Crab, Seafood & Wine Festival to return as an in-person event after pandemic disruption
Published 4:15 pm Thursday, February 10, 2022
- The Crab, Seafood & Wine Festival will be held virtually due to the coronavirus pandemic.
The Crab, Seafood & Wine Festival will be held in person this April for the first time in three years.
The popular event, which regularly sees over 10,000 attendees, serves as a fundraiser for the Astoria-Warrenton Area Chamber of Commerce and community groups.
First held in 1982, the festival was canceled in 2020 due to coronavirus pandemic safety measures.
Last year’s virtual event featured an online marketplace allowing participants to chat with vendors and watch live music from their screens. It also included Festival Feast passports, encouraging trips to participating businesses and restaurants around town.
“The virtual events in recent years were as fun as we could make them with an online expo, small pop-up events like the Astoria clowns drive-up and the inaugural Festival Feast dining passport that helped connect festival patrons with local restaurants,” David Reid, the chamber’s executive director, said in a statement. “However, we are excited to be planning to return to the festival format we have come to love and be among our friends – vendors, volunteers and attendees alike.”
This year, the crab festival will return to the Clatsop County Fairgrounds from April 22 to April 24. Vendor applications opened earlier this month, and the chamber anticipates around 175 vendors selling crafts, food and drinks.
At past events, the Astoria Rotary Club ran the crab feed as its main fundraiser and source of scholarship funding for local high schoolers.

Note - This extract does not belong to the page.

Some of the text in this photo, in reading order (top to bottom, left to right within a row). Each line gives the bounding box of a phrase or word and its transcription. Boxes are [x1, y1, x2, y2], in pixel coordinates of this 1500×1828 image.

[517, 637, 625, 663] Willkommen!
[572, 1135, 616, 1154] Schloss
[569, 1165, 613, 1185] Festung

Thursday’s announcement of the festival’s in-person return generated some buzz on the event’s Facebook page. Within the hour, the comment section filled with dozens of people tagging their friends, many with multiple exclamation points.

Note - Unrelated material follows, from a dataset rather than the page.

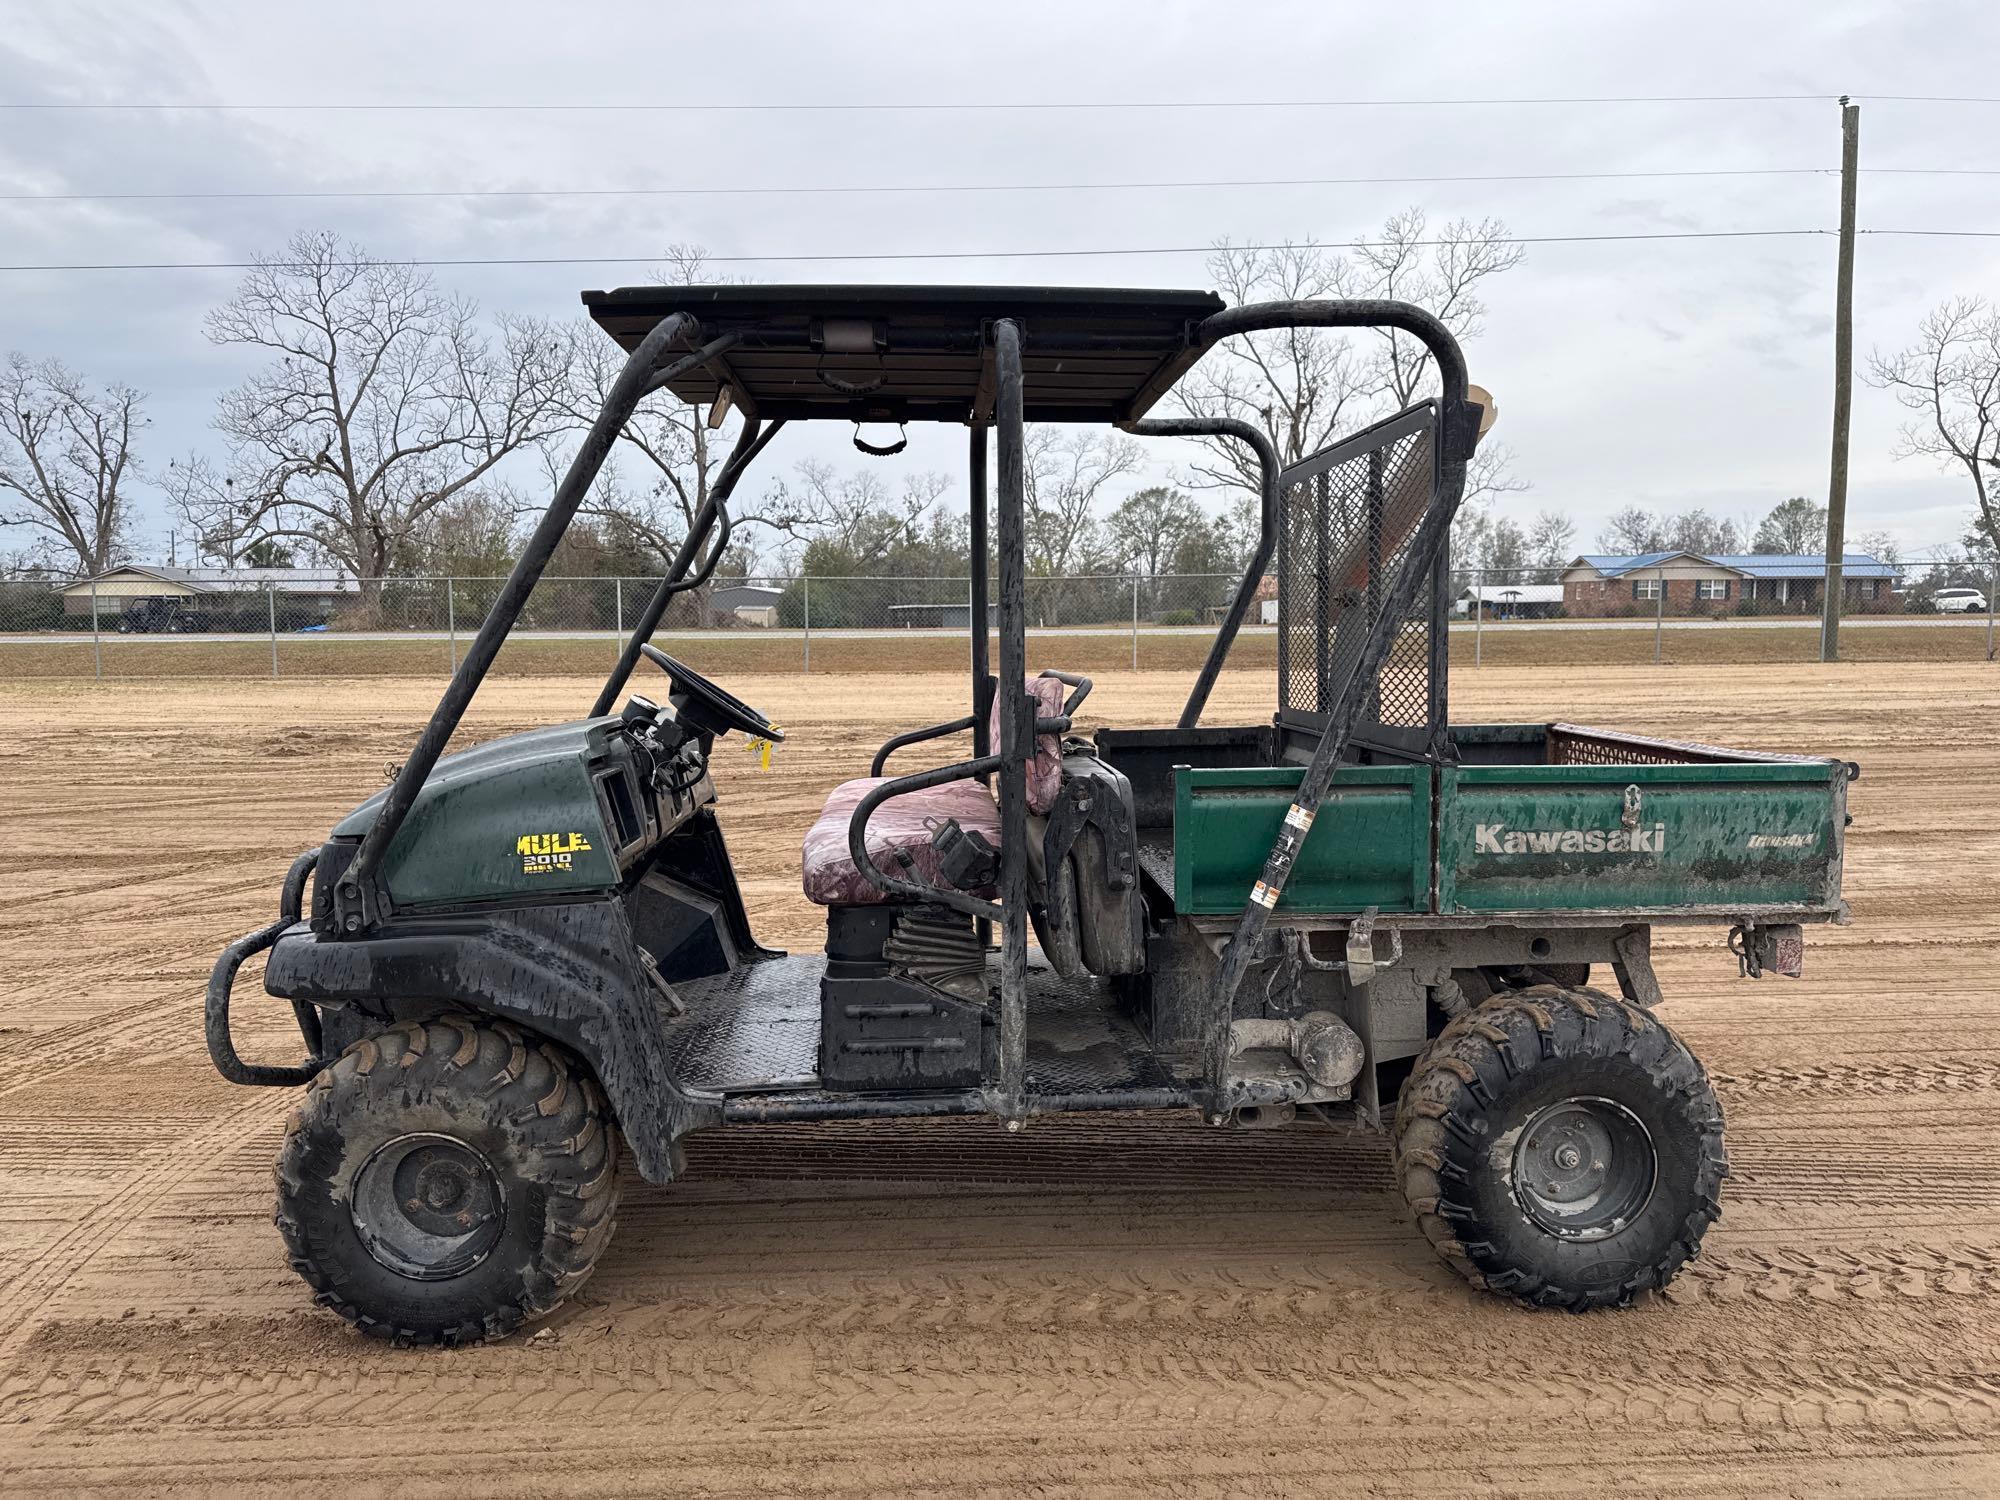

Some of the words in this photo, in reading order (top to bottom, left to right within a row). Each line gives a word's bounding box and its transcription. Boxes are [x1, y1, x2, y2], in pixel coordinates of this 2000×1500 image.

Earlier this week, the Oregon Health Authority projected that hospitalizations from COVID-19 will significantly decline by late March. The state has announced that an indoor mask mandate imposed as a precaution against the virus will be lifted no later than March 31.

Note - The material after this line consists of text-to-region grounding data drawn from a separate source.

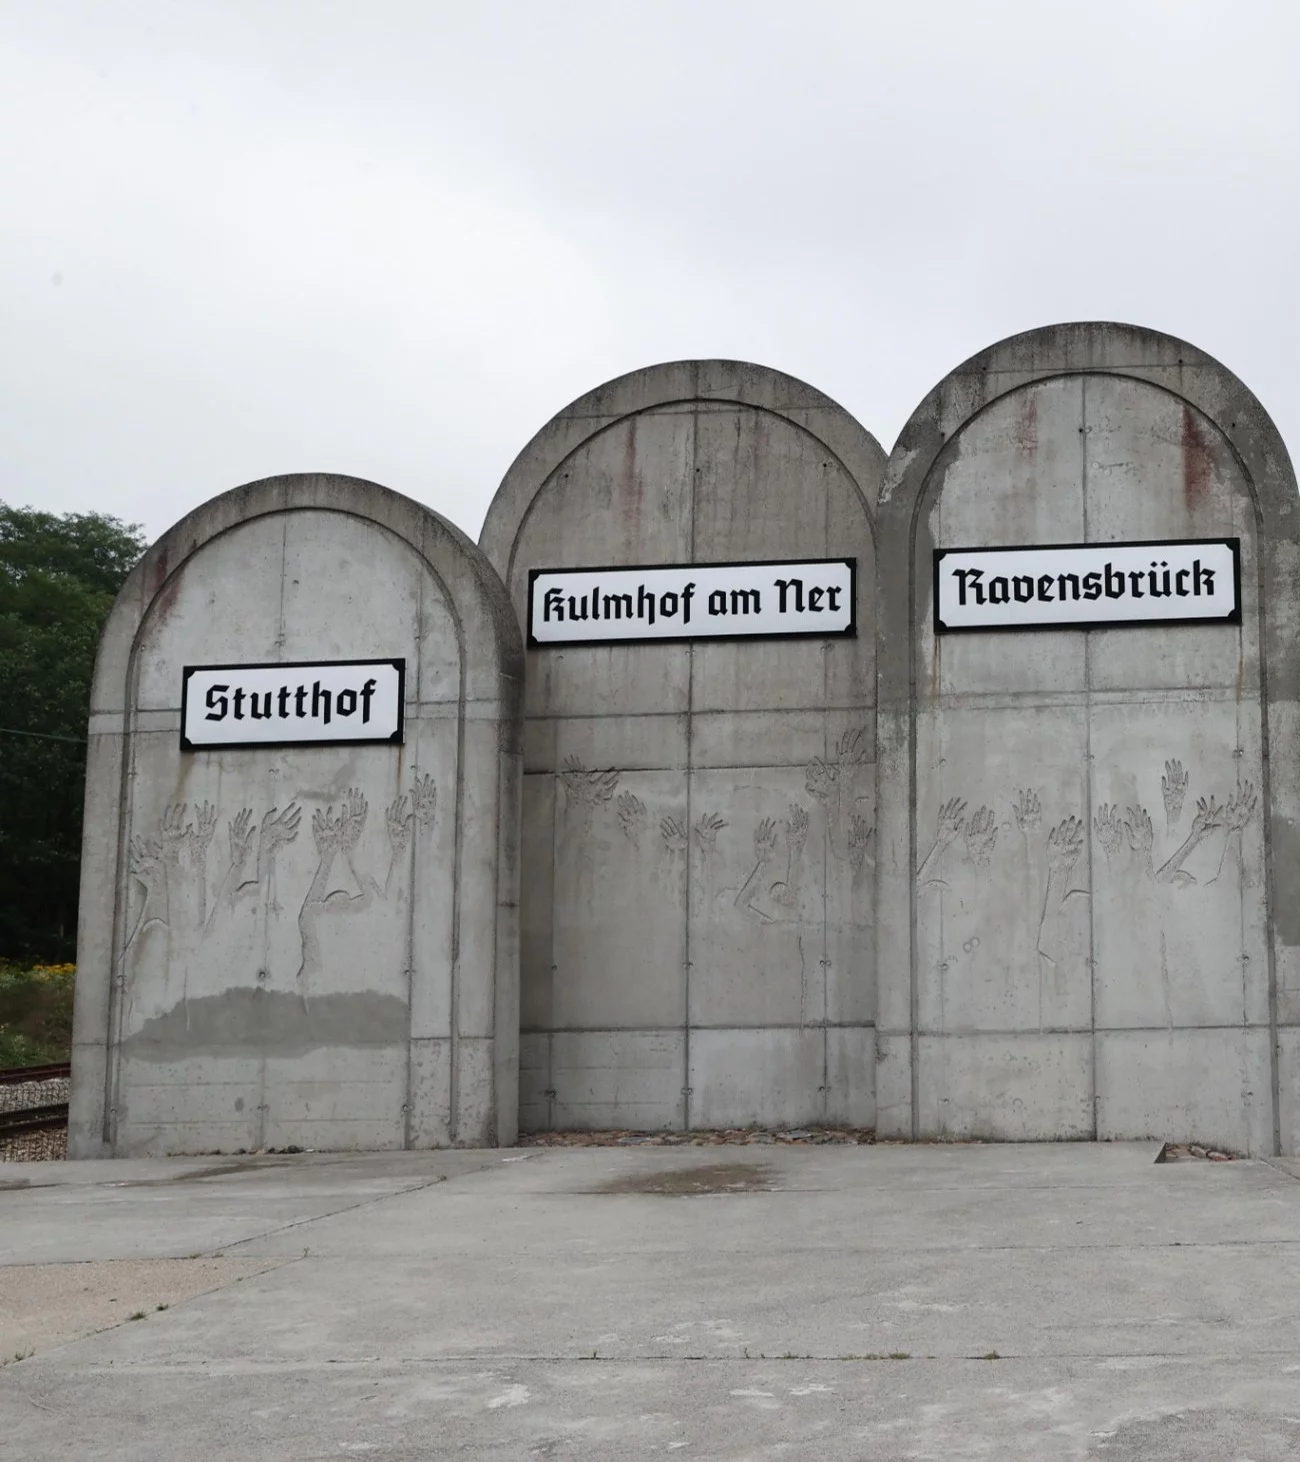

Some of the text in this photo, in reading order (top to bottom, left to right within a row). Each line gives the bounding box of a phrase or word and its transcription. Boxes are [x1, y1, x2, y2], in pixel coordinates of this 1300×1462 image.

[543, 578, 842, 626] Kulmhof am Ner
[951, 558, 1216, 606] Ravensbrück
[204, 678, 377, 725] Stutthof
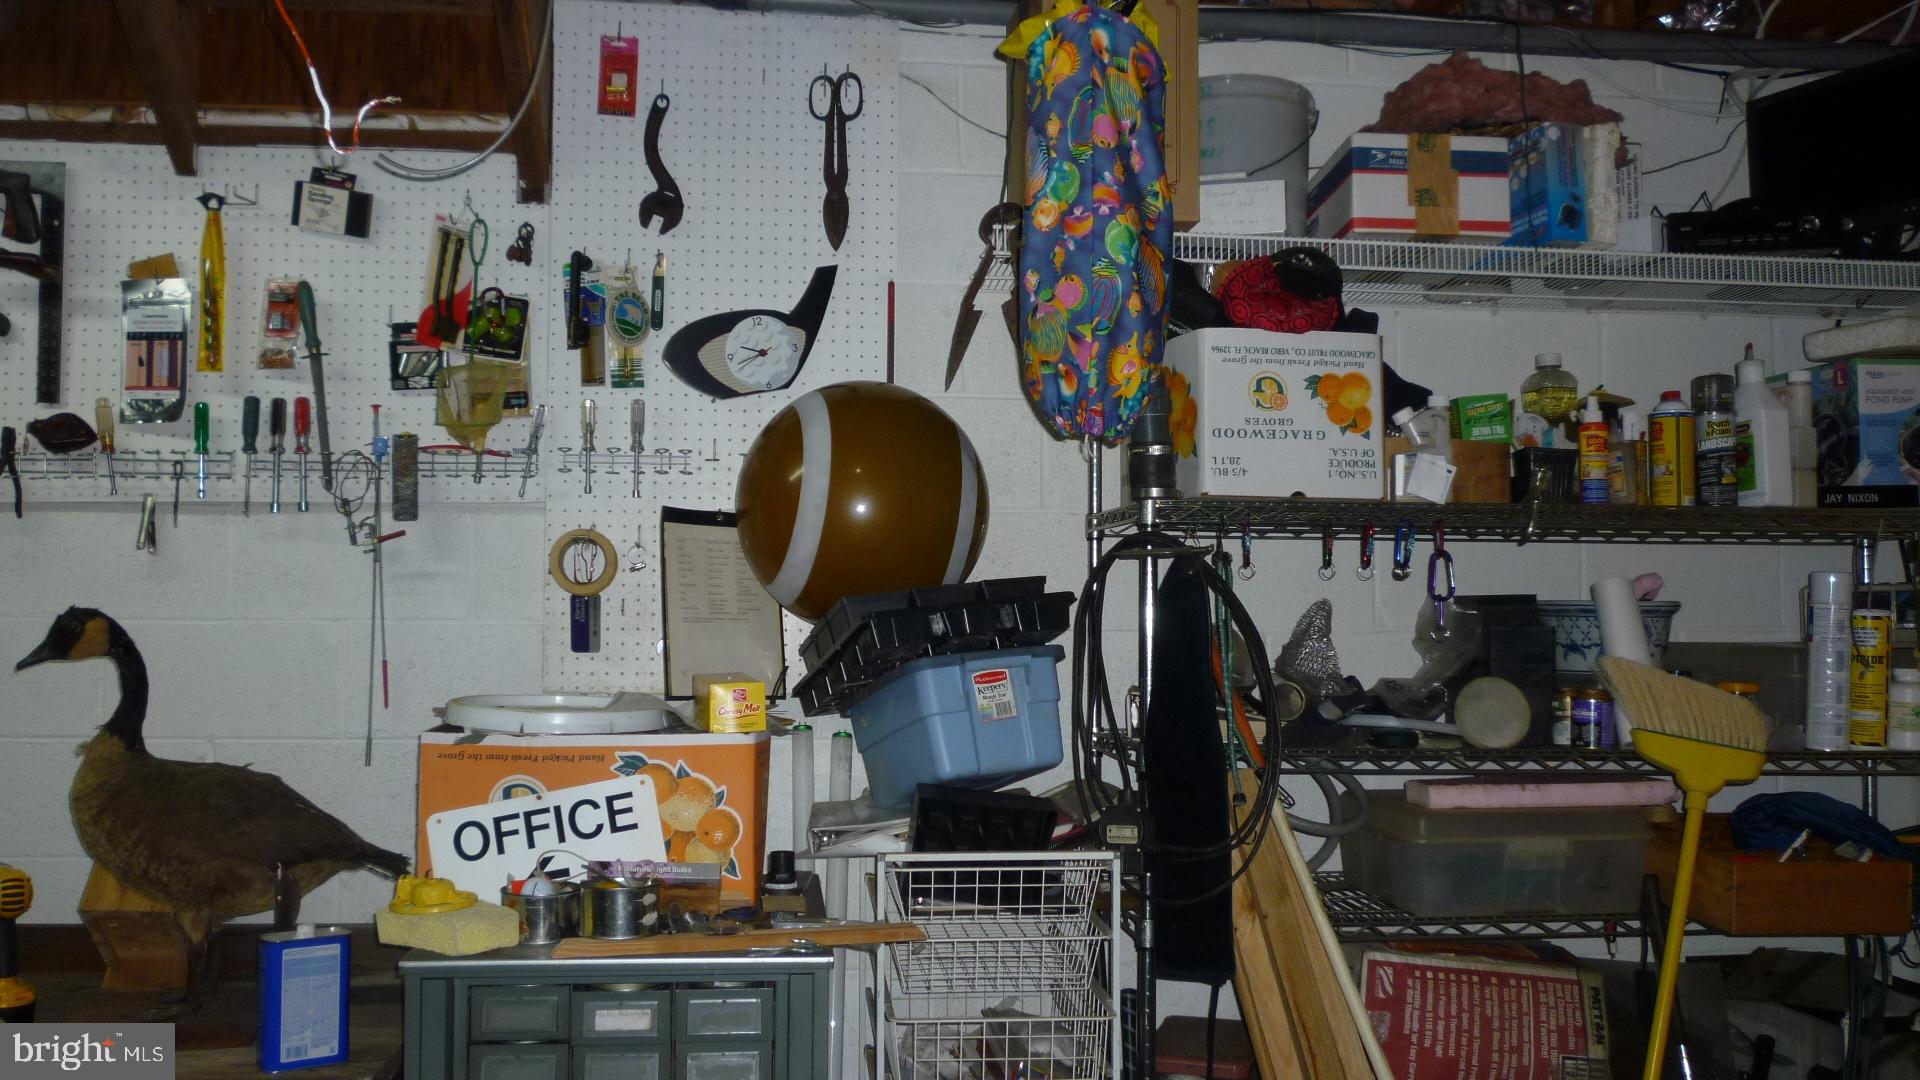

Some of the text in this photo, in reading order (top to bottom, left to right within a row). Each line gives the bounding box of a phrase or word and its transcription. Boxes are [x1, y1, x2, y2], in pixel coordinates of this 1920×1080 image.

[752, 317, 762, 326] 12
[792, 343, 798, 352] 3
[1211, 345, 1232, 354] 32966
[1233, 346, 1242, 354] FL
[1243, 346, 1269, 355] BEACH,
[1270, 348, 1290, 356] VERO
[1308, 349, 1328, 357] FRUIT
[1329, 350, 1376, 359] GRACEWOOD
[727, 353, 733, 363] 9
[1265, 358, 1285, 366] from
[1287, 359, 1310, 367] Fresh
[1313, 360, 1341, 368] Picked
[1343, 361, 1365, 369] Hand
[766, 381, 771, 389] 6
[1244, 417, 1294, 426] GROVES
[1706, 419, 1731, 429] Touch
[1212, 428, 1326, 440] GRACEWOOD
[1710, 428, 1731, 437] Foam
[1361, 449, 1375, 457] OF
[1212, 457, 1241, 465] 28.1 L
[1328, 459, 1376, 468] PRODUCE
[1232, 468, 1248, 477] 4/5
[1358, 471, 1377, 479] U.S.
[1824, 493, 1879, 504] JAY NIXON
[743, 703, 761, 714] Melt
[466, 753, 482, 761] the
[485, 753, 508, 762] from
[511, 754, 538, 762] Fresh
[541, 755, 575, 763] Picked
[578, 755, 605, 763] Hand
[453, 792, 638, 861] OFFICE
[1403, 1004, 1412, 1034] Mounting
[1591, 986, 1605, 1045] PATTON
[1411, 1010, 1420, 1031] Handle
[1437, 1020, 1445, 1040] Signal
[1566, 1004, 1575, 1049] Construction
[1449, 1018, 1457, 1056] Thermostat
[1540, 1024, 1549, 1058] Favorite!
[1550, 1033, 1558, 1048] this
[1409, 1045, 1417, 1061] Easy
[1435, 1042, 1443, 1058] Light
[1460, 1033, 1468, 1069] Fan-Forced
[1472, 1039, 1480, 1065] Thermal

Other signature events that usually take place early in the year remain disrupted by the pandemic.
The annual FisherPoets Gathering, which will take place in late February, will be held virtually. The event will be free online at fisherpoets.org.
Fort George Brewery canceled its Festival of Dark Arts again this year, and is instead holding activities throughout Stout Month in February, including live music.
Tickets for the crab festival will be available online beginning April 1.